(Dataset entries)
== Segment start ==
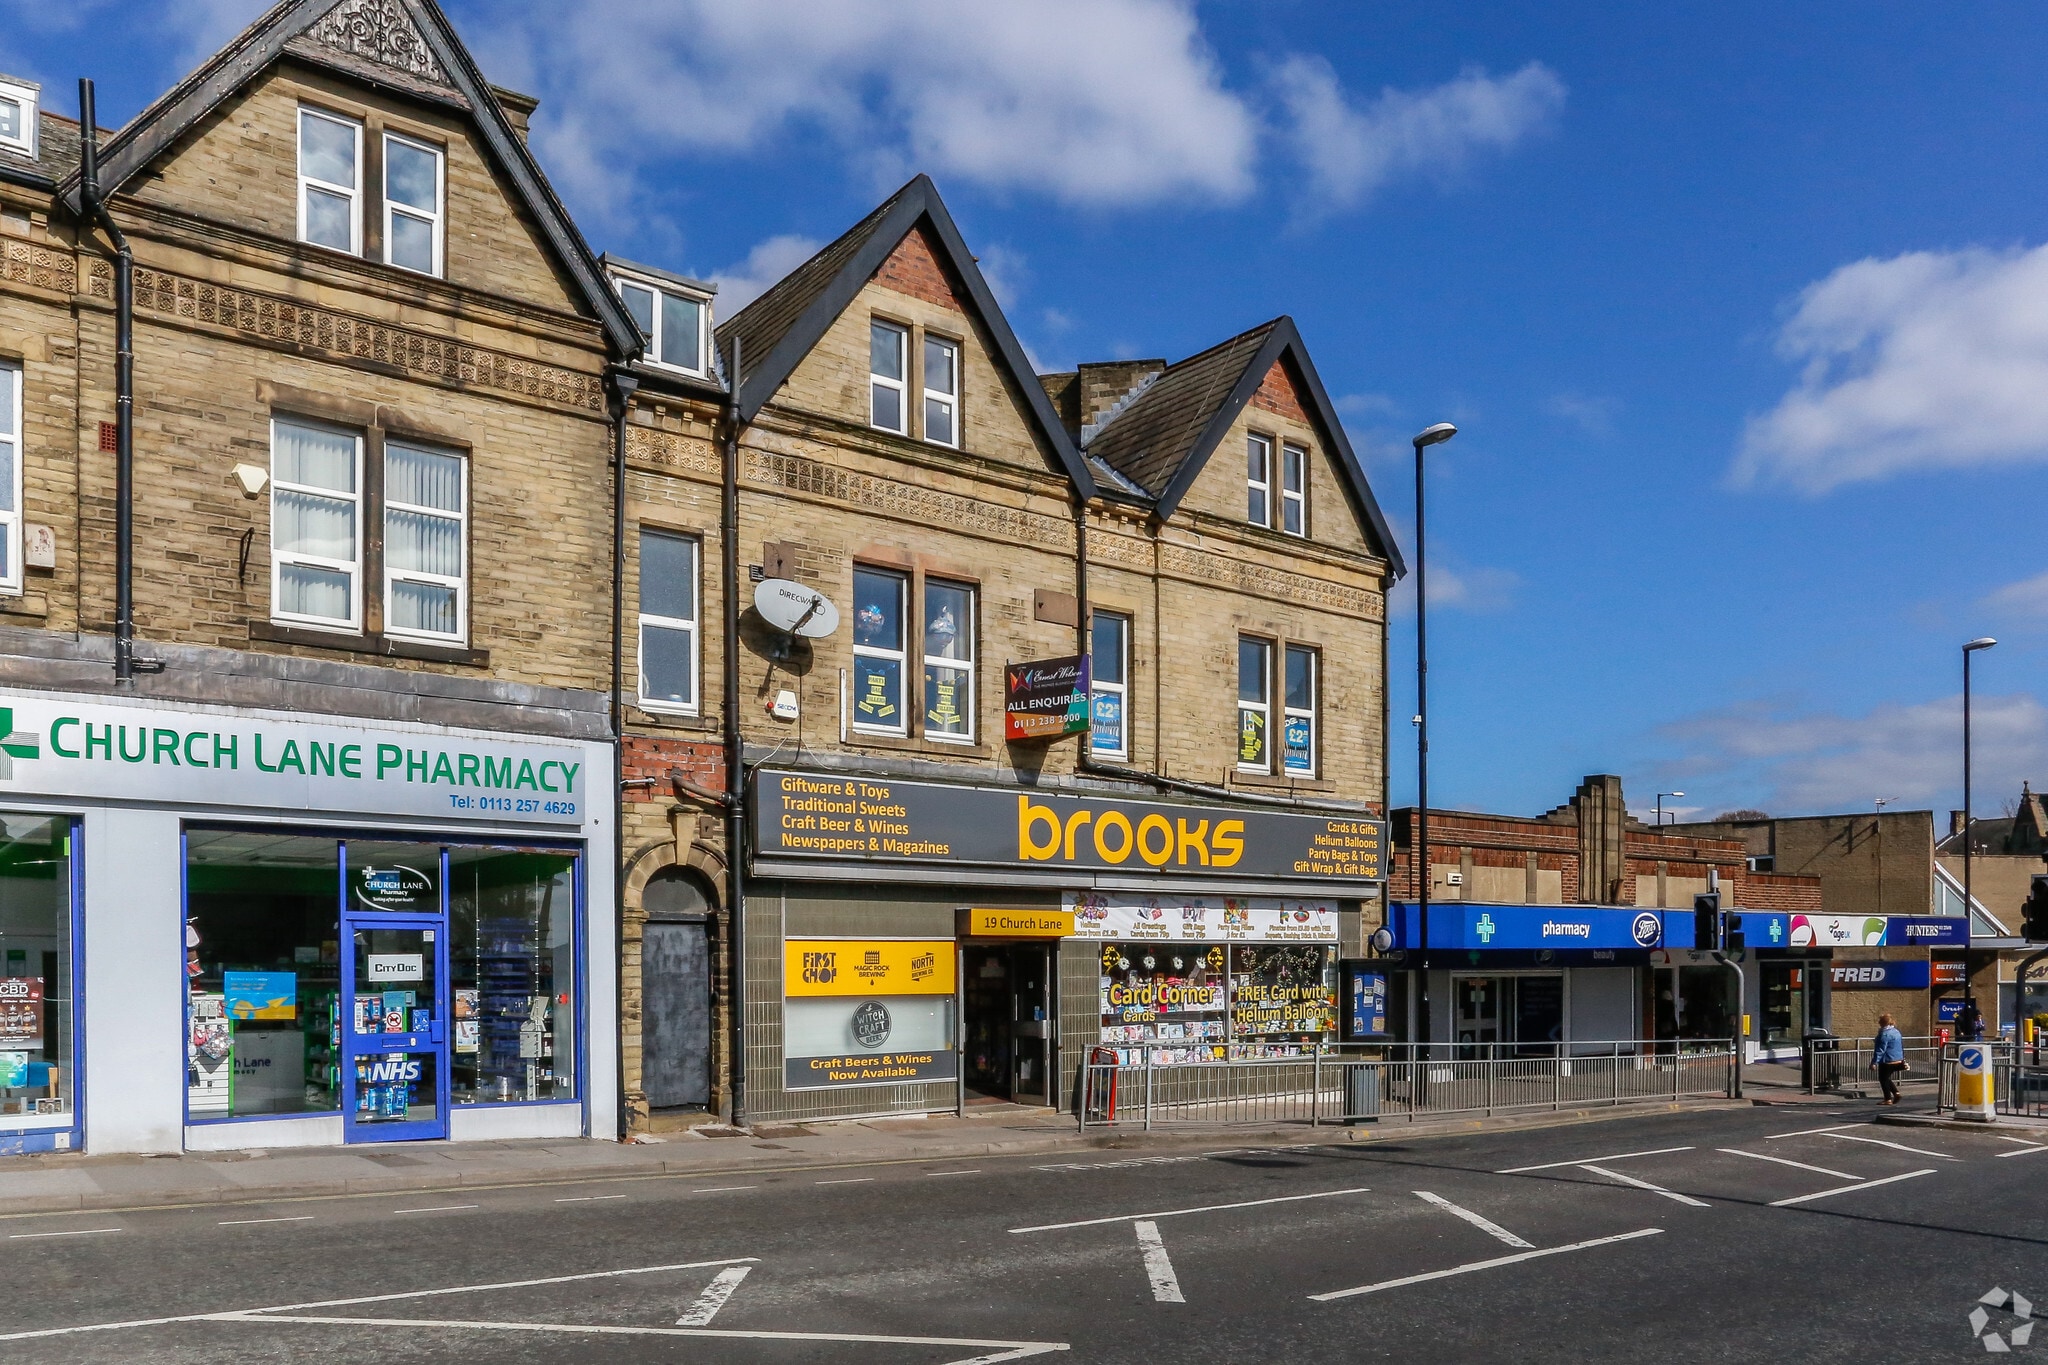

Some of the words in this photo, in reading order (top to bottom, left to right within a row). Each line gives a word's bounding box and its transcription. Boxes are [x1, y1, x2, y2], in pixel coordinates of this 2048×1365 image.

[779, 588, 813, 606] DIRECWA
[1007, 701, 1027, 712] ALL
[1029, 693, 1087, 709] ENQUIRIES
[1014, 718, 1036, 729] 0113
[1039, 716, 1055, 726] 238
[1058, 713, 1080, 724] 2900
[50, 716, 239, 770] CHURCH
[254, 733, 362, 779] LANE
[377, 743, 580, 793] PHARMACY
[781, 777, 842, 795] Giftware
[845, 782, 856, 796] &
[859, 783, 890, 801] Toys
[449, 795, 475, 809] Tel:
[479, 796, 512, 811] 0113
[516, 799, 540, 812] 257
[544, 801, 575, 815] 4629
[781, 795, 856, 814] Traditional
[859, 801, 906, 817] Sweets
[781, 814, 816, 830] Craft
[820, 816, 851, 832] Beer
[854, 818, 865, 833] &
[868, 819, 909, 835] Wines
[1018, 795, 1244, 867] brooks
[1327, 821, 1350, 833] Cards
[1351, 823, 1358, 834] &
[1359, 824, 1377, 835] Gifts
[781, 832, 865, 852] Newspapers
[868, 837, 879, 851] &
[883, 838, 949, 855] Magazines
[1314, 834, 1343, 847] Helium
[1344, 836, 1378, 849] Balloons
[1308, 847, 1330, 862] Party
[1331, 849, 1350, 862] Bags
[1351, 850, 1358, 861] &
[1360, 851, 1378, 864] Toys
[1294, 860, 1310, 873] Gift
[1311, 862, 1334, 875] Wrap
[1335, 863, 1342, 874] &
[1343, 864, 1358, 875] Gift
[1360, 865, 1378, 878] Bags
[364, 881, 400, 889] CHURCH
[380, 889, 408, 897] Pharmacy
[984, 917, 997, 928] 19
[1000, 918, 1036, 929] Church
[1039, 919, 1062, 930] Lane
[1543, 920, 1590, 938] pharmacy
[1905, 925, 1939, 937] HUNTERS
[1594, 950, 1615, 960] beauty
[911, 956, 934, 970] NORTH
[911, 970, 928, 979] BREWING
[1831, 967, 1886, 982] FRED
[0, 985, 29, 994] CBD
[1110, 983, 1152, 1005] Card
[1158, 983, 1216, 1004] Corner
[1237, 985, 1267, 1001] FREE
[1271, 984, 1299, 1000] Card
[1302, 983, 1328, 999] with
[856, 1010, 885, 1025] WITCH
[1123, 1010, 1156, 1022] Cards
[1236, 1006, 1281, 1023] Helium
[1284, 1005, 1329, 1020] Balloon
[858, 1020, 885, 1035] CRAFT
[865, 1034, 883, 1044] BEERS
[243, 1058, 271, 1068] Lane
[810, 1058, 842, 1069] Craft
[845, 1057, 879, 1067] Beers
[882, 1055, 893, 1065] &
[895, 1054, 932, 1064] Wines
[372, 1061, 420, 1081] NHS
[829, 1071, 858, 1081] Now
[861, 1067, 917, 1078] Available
== Segment end ==
**Task brief**
Word for word, give the entries above again, with no images included.

**Answer section**
Some of the words in this photo, in reading order (top to bottom, left to right within a row). Each line gives a word's bounding box and its transcription. Boxes are [x1, y1, x2, y2], in pixel coordinates of this 2048×1365 image.

[779, 588, 813, 606] DIRECWA
[1007, 701, 1027, 712] ALL
[1029, 693, 1087, 709] ENQUIRIES
[1014, 718, 1036, 729] 0113
[1039, 716, 1055, 726] 238
[1058, 713, 1080, 724] 2900
[50, 716, 239, 770] CHURCH
[254, 733, 362, 779] LANE
[377, 743, 580, 793] PHARMACY
[781, 777, 842, 795] Giftware
[845, 782, 856, 796] &
[859, 783, 890, 801] Toys
[449, 795, 475, 809] Tel:
[479, 796, 512, 811] 0113
[516, 799, 540, 812] 257
[544, 801, 575, 815] 4629
[781, 795, 856, 814] Traditional
[859, 801, 906, 817] Sweets
[781, 814, 816, 830] Craft
[820, 816, 851, 832] Beer
[854, 818, 865, 833] &
[868, 819, 909, 835] Wines
[1018, 795, 1244, 867] brooks
[1327, 821, 1350, 833] Cards
[1351, 823, 1358, 834] &
[1359, 824, 1377, 835] Gifts
[781, 832, 865, 852] Newspapers
[868, 837, 879, 851] &
[883, 838, 949, 855] Magazines
[1314, 834, 1343, 847] Helium
[1344, 836, 1378, 849] Balloons
[1308, 847, 1330, 862] Party
[1331, 849, 1350, 862] Bags
[1351, 850, 1358, 861] &
[1360, 851, 1378, 864] Toys
[1294, 860, 1310, 873] Gift
[1311, 862, 1334, 875] Wrap
[1335, 863, 1342, 874] &
[1343, 864, 1358, 875] Gift
[1360, 865, 1378, 878] Bags
[364, 881, 400, 889] CHURCH
[380, 889, 408, 897] Pharmacy
[984, 917, 997, 928] 19
[1000, 918, 1036, 929] Church
[1039, 919, 1062, 930] Lane
[1543, 920, 1590, 938] pharmacy
[1905, 925, 1939, 937] HUNTERS
[1594, 950, 1615, 960] beauty
[911, 956, 934, 970] NORTH
[911, 970, 928, 979] BREWING
[1831, 967, 1886, 982] FRED
[0, 985, 29, 994] CBD
[1110, 983, 1152, 1005] Card
[1158, 983, 1216, 1004] Corner
[1237, 985, 1267, 1001] FREE
[1271, 984, 1299, 1000] Card
[1302, 983, 1328, 999] with
[856, 1010, 885, 1025] WITCH
[1123, 1010, 1156, 1022] Cards
[1236, 1006, 1281, 1023] Helium
[1284, 1005, 1329, 1020] Balloon
[858, 1020, 885, 1035] CRAFT
[865, 1034, 883, 1044] BEERS
[243, 1058, 271, 1068] Lane
[810, 1058, 842, 1069] Craft
[845, 1057, 879, 1067] Beers
[882, 1055, 893, 1065] &
[895, 1054, 932, 1064] Wines
[372, 1061, 420, 1081] NHS
[829, 1071, 858, 1081] Now
[861, 1067, 917, 1078] Available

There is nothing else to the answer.